● **ASSIGNED TASK**: Find every line below that contains the word "WIRTSCHAFT" and copy it out.

● **INPUT RECORDS**:
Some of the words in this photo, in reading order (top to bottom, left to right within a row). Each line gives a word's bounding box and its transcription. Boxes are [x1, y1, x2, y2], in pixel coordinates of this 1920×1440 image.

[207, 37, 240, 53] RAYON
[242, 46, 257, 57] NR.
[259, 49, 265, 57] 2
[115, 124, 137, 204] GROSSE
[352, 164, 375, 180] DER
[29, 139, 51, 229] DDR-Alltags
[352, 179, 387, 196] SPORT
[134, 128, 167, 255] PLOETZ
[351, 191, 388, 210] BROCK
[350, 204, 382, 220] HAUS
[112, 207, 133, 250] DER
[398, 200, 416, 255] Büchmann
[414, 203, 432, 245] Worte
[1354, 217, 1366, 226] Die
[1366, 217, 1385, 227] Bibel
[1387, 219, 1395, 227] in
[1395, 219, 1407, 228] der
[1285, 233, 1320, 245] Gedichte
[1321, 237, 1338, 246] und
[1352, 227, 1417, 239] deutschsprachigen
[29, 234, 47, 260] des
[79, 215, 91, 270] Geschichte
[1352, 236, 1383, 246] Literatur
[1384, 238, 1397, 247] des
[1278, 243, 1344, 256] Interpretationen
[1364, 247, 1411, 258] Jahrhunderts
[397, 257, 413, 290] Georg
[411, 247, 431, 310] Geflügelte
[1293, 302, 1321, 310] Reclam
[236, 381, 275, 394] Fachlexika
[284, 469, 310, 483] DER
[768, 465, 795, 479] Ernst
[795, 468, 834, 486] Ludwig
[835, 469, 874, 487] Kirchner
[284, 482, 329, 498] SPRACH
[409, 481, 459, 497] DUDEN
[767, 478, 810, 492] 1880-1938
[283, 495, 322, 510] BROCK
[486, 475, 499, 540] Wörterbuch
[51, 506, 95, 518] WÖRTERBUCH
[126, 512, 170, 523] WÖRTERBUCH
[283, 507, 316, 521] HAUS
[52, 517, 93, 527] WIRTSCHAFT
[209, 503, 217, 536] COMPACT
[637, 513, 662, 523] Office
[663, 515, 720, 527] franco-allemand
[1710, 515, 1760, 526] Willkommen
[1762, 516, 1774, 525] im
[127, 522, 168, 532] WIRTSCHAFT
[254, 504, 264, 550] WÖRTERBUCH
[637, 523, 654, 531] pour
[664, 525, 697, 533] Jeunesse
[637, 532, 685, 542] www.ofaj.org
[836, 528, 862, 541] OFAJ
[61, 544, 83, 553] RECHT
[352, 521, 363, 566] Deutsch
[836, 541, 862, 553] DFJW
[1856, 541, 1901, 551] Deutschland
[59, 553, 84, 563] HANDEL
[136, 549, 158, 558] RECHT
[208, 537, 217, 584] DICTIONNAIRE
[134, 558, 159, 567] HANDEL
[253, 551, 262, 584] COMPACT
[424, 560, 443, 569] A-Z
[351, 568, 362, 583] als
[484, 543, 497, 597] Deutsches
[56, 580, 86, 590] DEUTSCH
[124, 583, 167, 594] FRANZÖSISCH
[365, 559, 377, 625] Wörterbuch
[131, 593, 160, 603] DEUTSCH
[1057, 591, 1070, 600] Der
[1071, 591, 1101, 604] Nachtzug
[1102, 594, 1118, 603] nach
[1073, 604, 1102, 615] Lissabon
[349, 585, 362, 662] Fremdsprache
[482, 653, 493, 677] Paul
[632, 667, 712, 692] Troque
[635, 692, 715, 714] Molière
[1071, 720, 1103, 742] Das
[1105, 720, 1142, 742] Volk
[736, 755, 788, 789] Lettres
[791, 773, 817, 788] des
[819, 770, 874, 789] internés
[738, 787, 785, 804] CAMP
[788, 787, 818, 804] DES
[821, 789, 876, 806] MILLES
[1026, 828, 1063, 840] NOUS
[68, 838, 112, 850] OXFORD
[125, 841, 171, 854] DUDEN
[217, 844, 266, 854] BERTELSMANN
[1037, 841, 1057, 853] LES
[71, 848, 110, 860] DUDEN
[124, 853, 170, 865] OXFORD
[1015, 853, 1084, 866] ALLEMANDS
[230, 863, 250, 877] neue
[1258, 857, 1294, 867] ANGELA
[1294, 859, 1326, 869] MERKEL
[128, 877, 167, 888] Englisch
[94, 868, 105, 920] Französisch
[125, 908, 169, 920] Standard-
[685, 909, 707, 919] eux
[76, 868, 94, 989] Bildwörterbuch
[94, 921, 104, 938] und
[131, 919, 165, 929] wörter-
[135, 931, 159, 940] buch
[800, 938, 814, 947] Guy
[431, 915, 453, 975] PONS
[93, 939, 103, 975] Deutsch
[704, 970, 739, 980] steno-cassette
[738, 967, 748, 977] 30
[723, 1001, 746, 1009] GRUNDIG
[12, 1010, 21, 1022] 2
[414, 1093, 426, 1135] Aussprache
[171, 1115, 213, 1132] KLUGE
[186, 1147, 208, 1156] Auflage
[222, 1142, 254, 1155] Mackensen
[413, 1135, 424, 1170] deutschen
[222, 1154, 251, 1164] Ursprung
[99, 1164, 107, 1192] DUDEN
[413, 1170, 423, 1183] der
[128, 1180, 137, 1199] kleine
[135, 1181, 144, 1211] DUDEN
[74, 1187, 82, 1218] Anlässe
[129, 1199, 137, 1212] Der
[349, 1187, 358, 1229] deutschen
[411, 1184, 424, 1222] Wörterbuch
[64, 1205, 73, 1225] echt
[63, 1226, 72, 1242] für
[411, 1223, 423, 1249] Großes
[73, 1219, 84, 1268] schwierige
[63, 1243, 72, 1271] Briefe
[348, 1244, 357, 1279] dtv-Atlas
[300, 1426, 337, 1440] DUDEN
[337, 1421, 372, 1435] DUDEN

● **RESULT OF THIS EXERCISE**:
[52, 517, 93, 527] WIRTSCHAFT
[127, 522, 168, 532] WIRTSCHAFT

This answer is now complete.